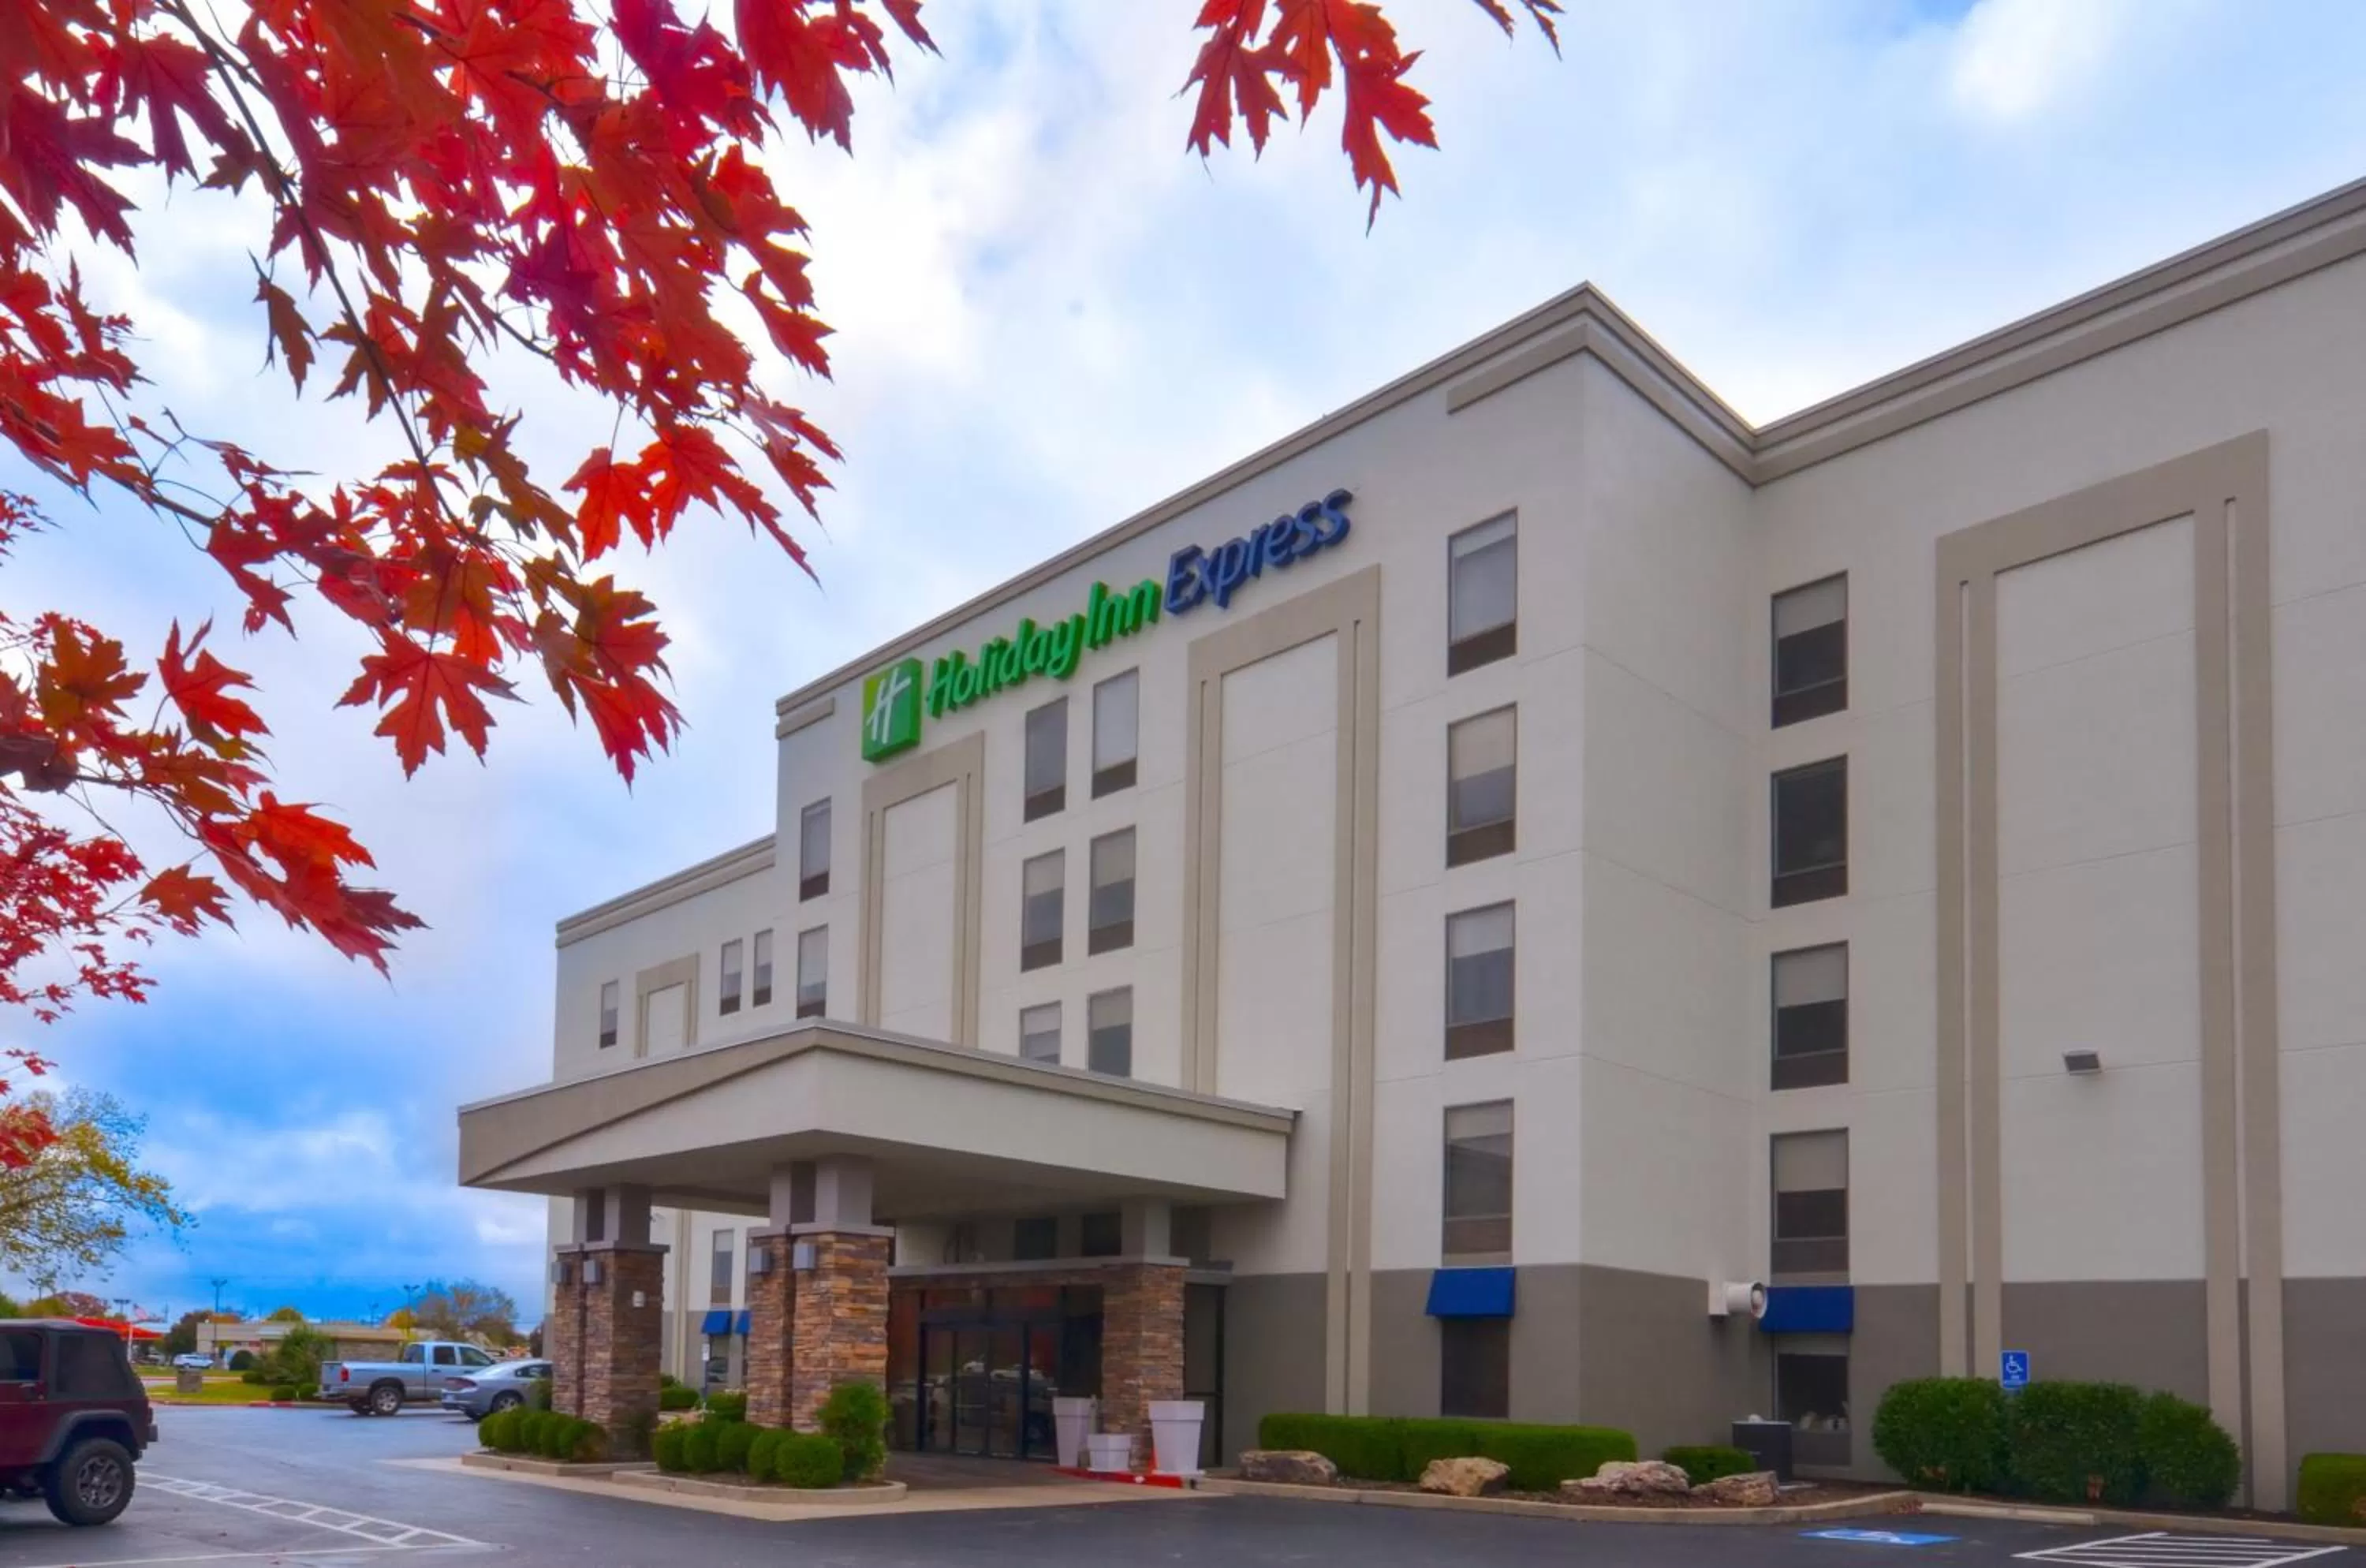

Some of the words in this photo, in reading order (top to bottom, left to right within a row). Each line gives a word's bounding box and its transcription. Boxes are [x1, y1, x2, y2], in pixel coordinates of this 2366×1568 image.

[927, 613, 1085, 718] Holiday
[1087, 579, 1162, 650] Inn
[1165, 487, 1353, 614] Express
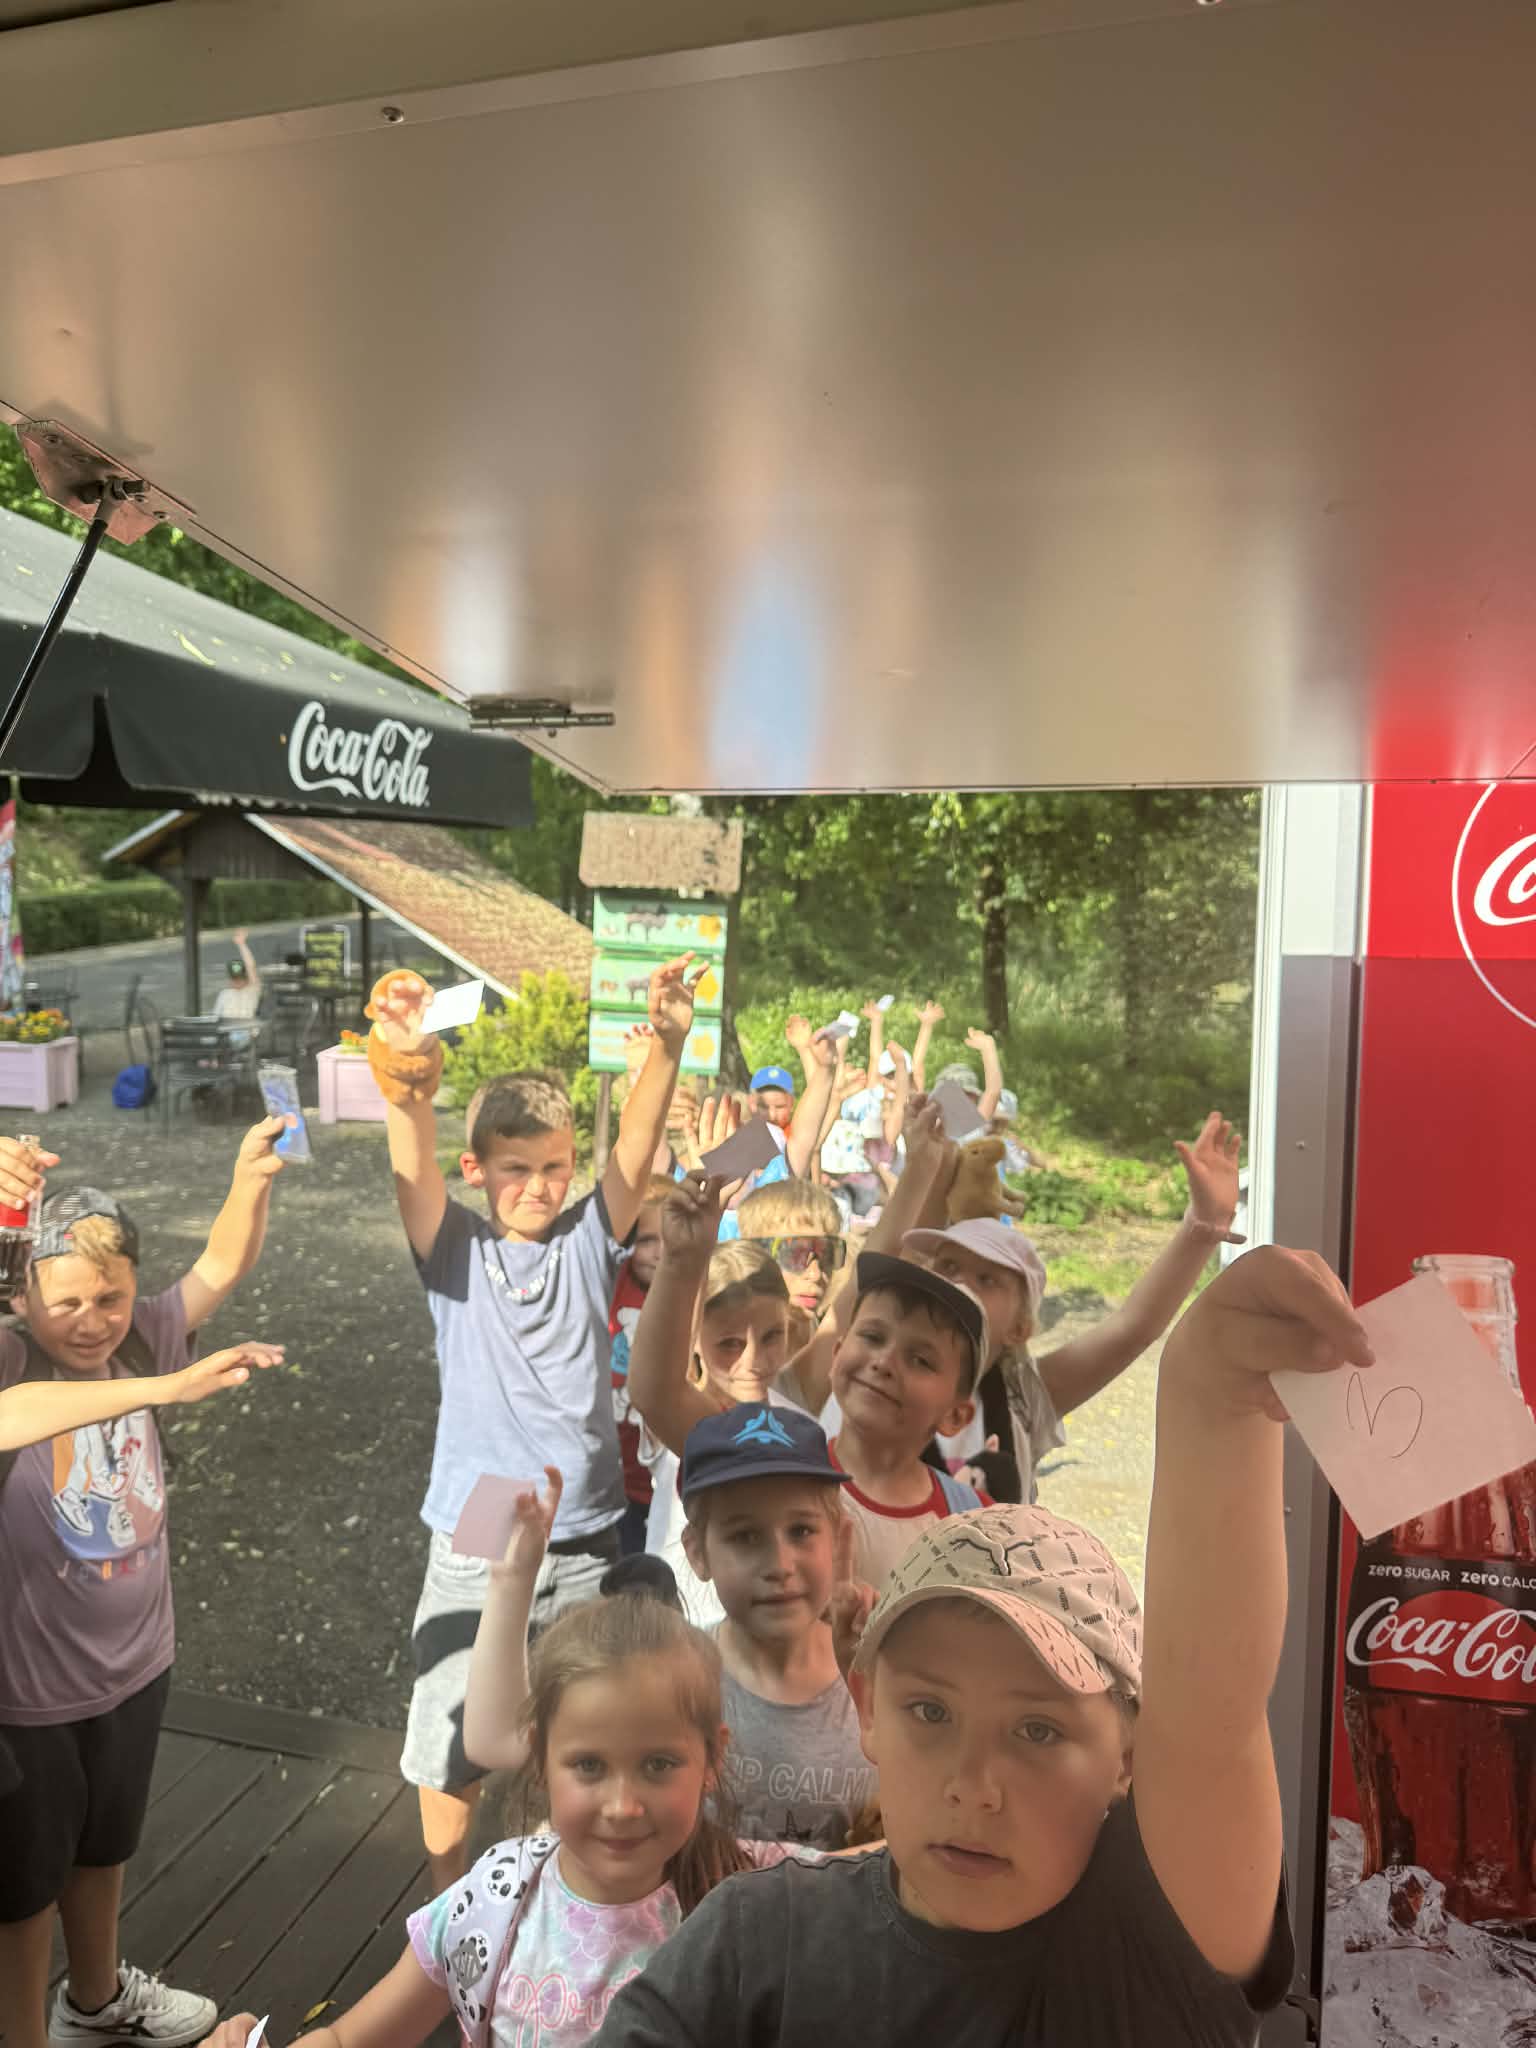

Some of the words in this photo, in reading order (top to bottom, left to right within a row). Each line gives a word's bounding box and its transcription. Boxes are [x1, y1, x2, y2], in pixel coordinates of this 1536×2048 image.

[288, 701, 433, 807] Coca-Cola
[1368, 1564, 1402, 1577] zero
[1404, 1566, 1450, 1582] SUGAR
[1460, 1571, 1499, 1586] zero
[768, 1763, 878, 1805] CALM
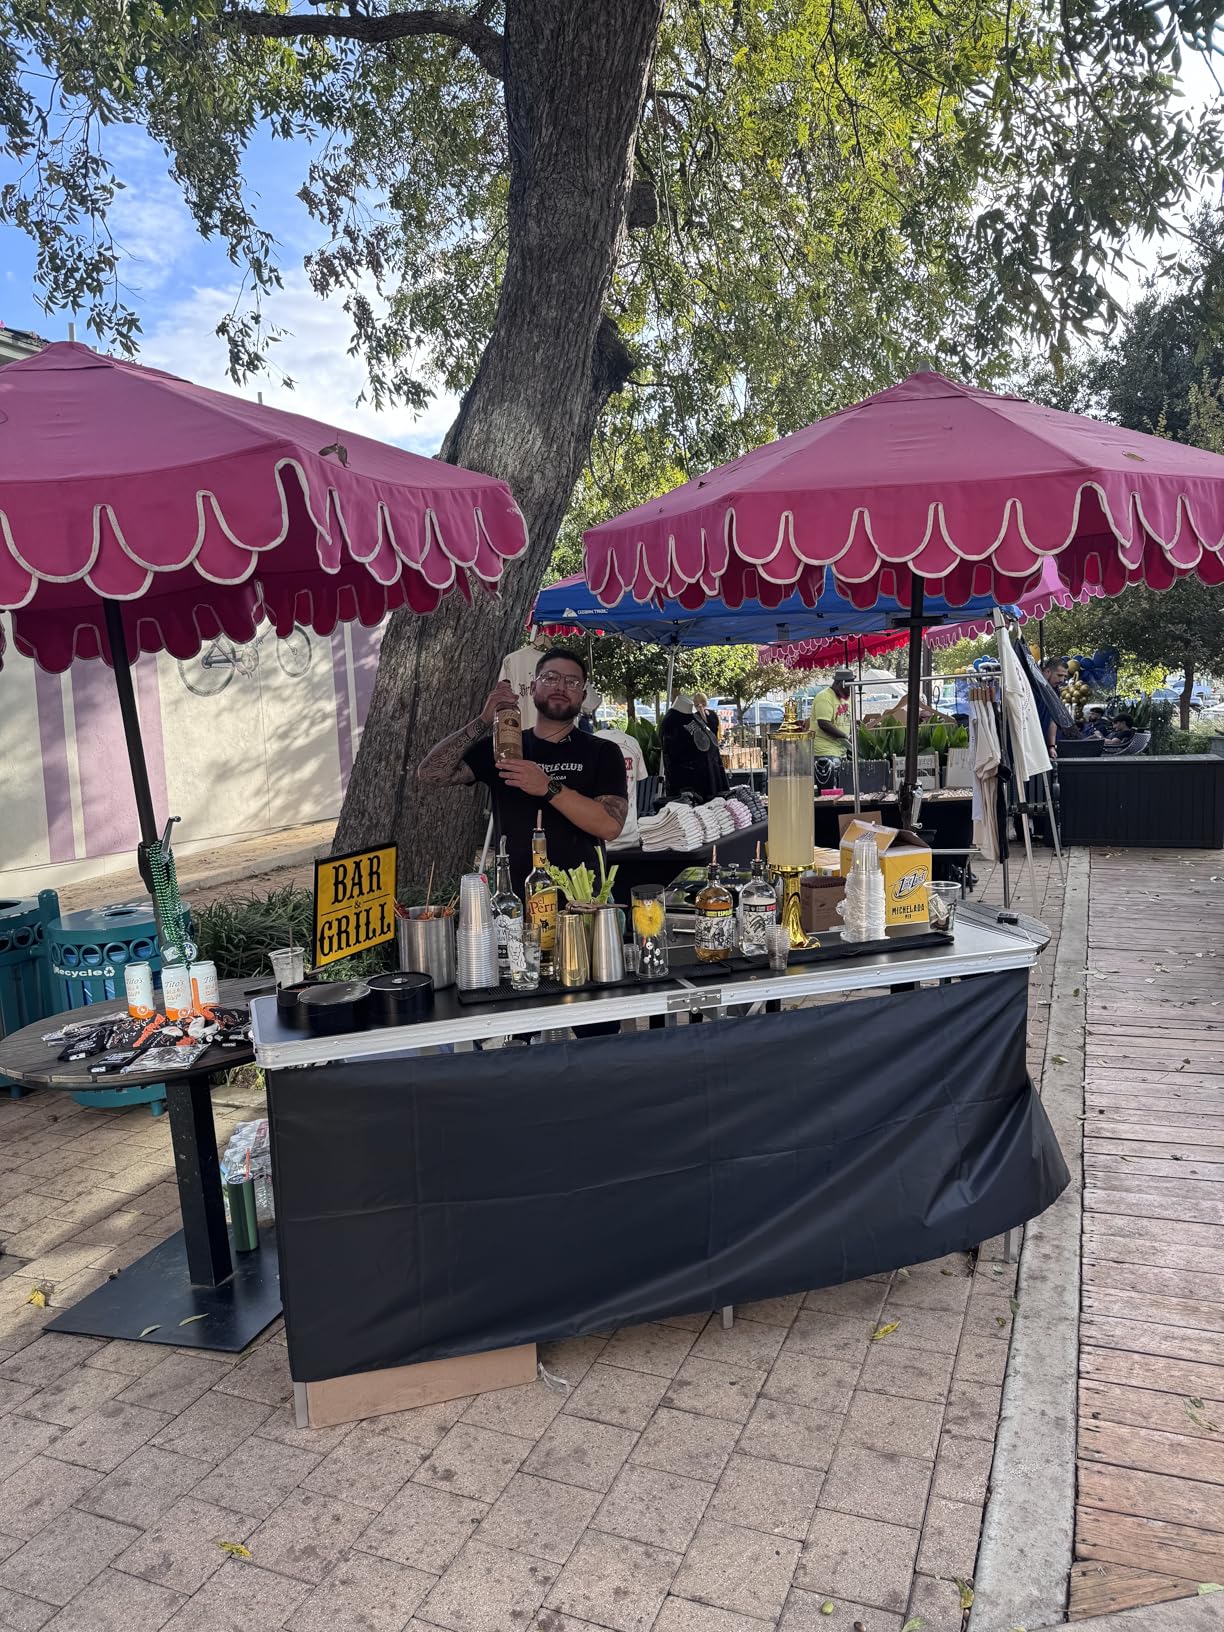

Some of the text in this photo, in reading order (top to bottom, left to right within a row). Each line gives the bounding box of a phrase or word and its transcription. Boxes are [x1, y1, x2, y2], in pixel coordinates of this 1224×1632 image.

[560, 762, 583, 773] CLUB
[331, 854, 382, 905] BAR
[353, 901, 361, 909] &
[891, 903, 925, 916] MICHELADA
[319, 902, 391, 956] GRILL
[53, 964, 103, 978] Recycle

────────

What is expected → Leave the images out and give the rest of the data again exactly.

Response for this exercise →
Some of the words in this photo, in reading order (top to bottom, left to right within a row). Each line gives a word's bounding box and its transcription. Boxes are [x1, y1, x2, y2], in pixel coordinates of this 2366×1568 image.

[927, 613, 1085, 718] Holiday
[1087, 579, 1162, 650] Inn
[1165, 487, 1353, 614] Express

Some of the words in this photo, in reading order (top to bottom, left to right within a row). Each line gives a word's bounding box and its transcription. Boxes are [x1, y1, x2, y2], in pixel coordinates of this 1536×2048 image.

[288, 701, 433, 807] Coca-Cola
[1368, 1564, 1402, 1577] zero
[1404, 1566, 1450, 1582] SUGAR
[1460, 1571, 1499, 1586] zero
[768, 1763, 878, 1805] CALM

Some of the text in this photo, in reading order (top to bottom, left to right within a row). Each line gives the bounding box of a phrase or word and its transcription. Boxes are [x1, y1, x2, y2], in pixel coordinates of this 1224×1632 image.

[560, 762, 583, 773] CLUB
[331, 854, 382, 905] BAR
[353, 901, 361, 909] &
[891, 903, 925, 916] MICHELADA
[319, 902, 391, 956] GRILL
[53, 964, 103, 978] Recycle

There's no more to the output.